In Canada, where people mostly understand both US and British English, "Fish and Chips" is the name of the specific dish, and it's basically an acknowledgement of its British heritage. You might even a description "Fish and Chips:Lightly battered cod with a side order of French Fries..."
But in Canada, you have poutine, and you don't have to eat fish and chips at all. A place down the street has good squid and chips. Gotta think about lunch. PhGustaf (talk) 14:30, 5 October 2009 (UTC)

Analyzing the composition of a piece of Toilet Paper[edit]

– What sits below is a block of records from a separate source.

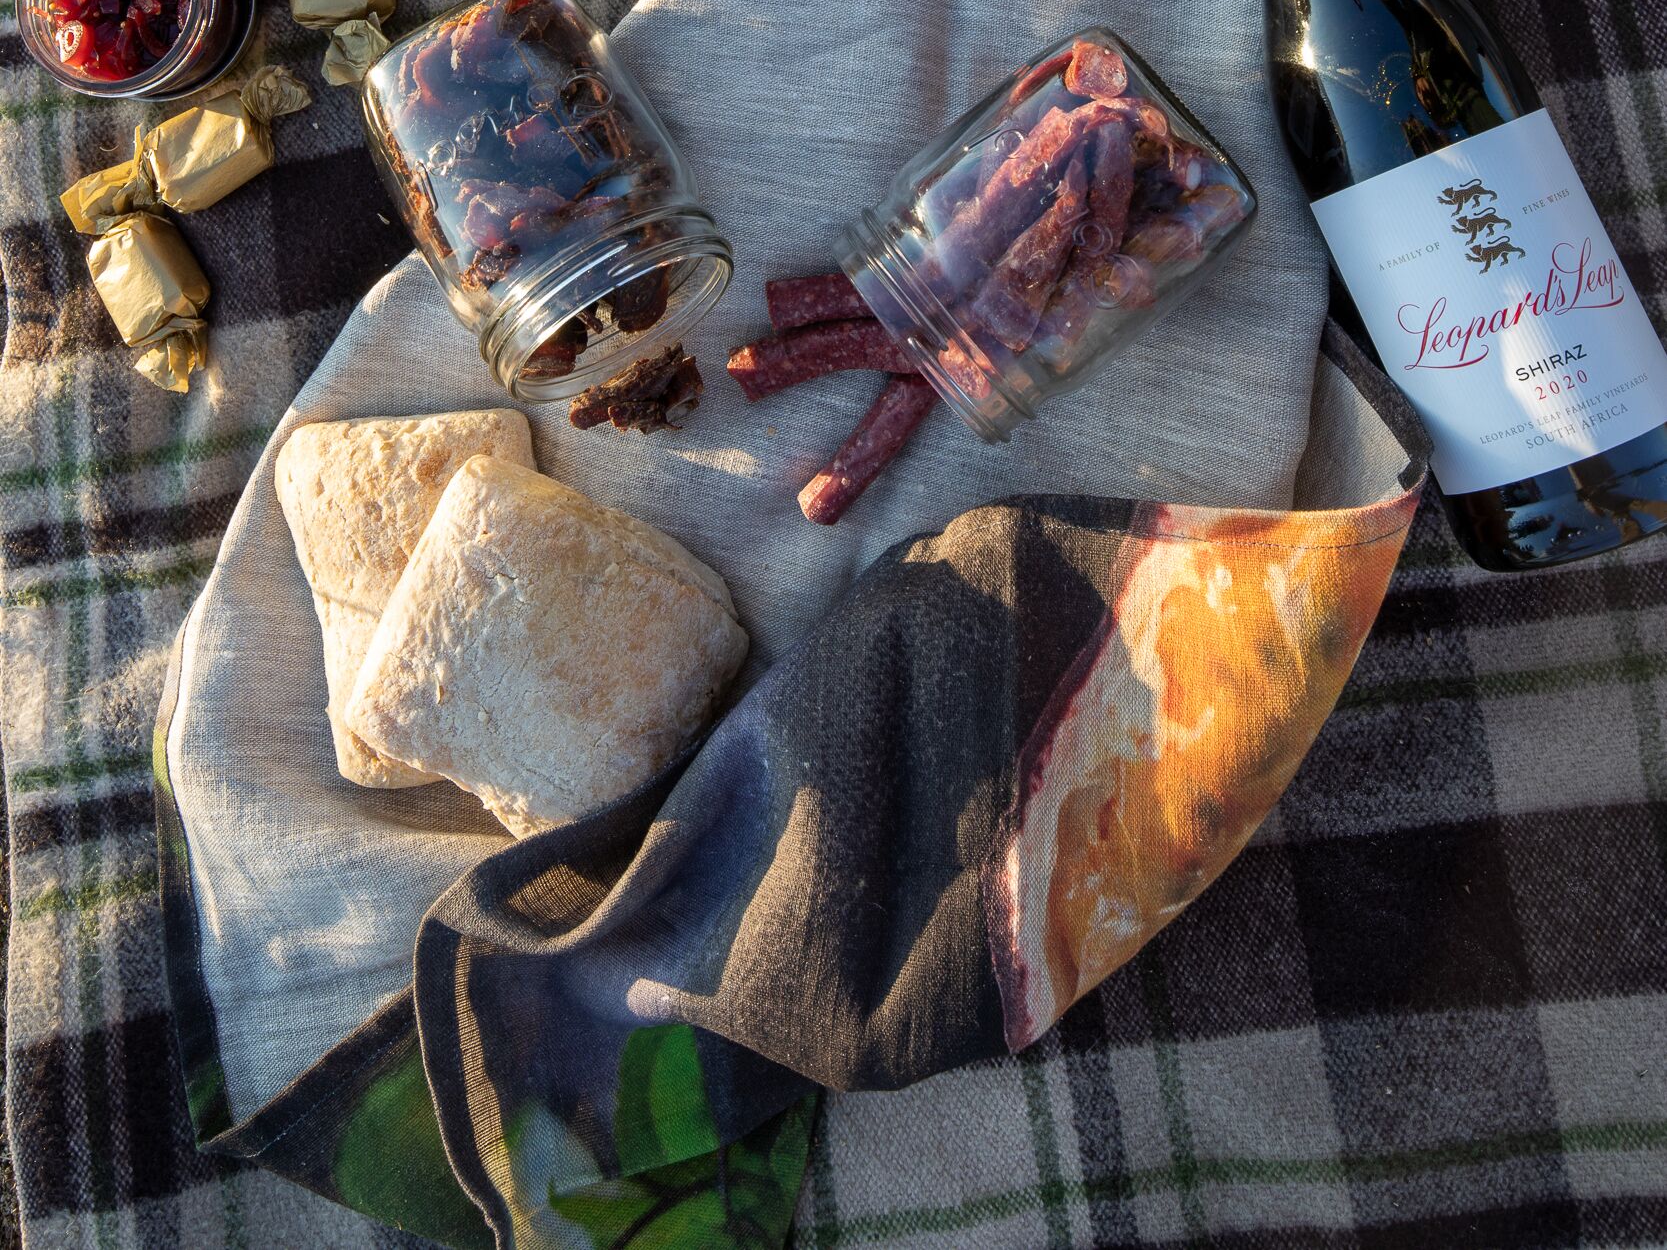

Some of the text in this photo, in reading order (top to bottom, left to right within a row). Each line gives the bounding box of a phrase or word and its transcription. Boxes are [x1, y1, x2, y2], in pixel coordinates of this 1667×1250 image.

[1547, 189, 1570, 203] WINES
[1379, 242, 1440, 271] A FAMILY OF
[1397, 237, 1625, 370] Leopard's Leap
[1515, 344, 1587, 381] SHIRAZ
[1535, 369, 1588, 400] 2020
[1479, 373, 1648, 444] LEOPARD'S LEAP FAMILY VINEYARDS
[1525, 403, 1628, 449] SOUTH AFRICA

Suppose I have access to all modern analytical chemistry techniques and equipment, what would be the best way to determine the composition of a piece of toilet paper? For example, I want to know how much, by percentage, cotton, wool, cashmere, etc... it contains.

Would a liquid chromatography-mass spectrometry work? Acceptable (talk) 03:47, 3 October 2009 (UTC)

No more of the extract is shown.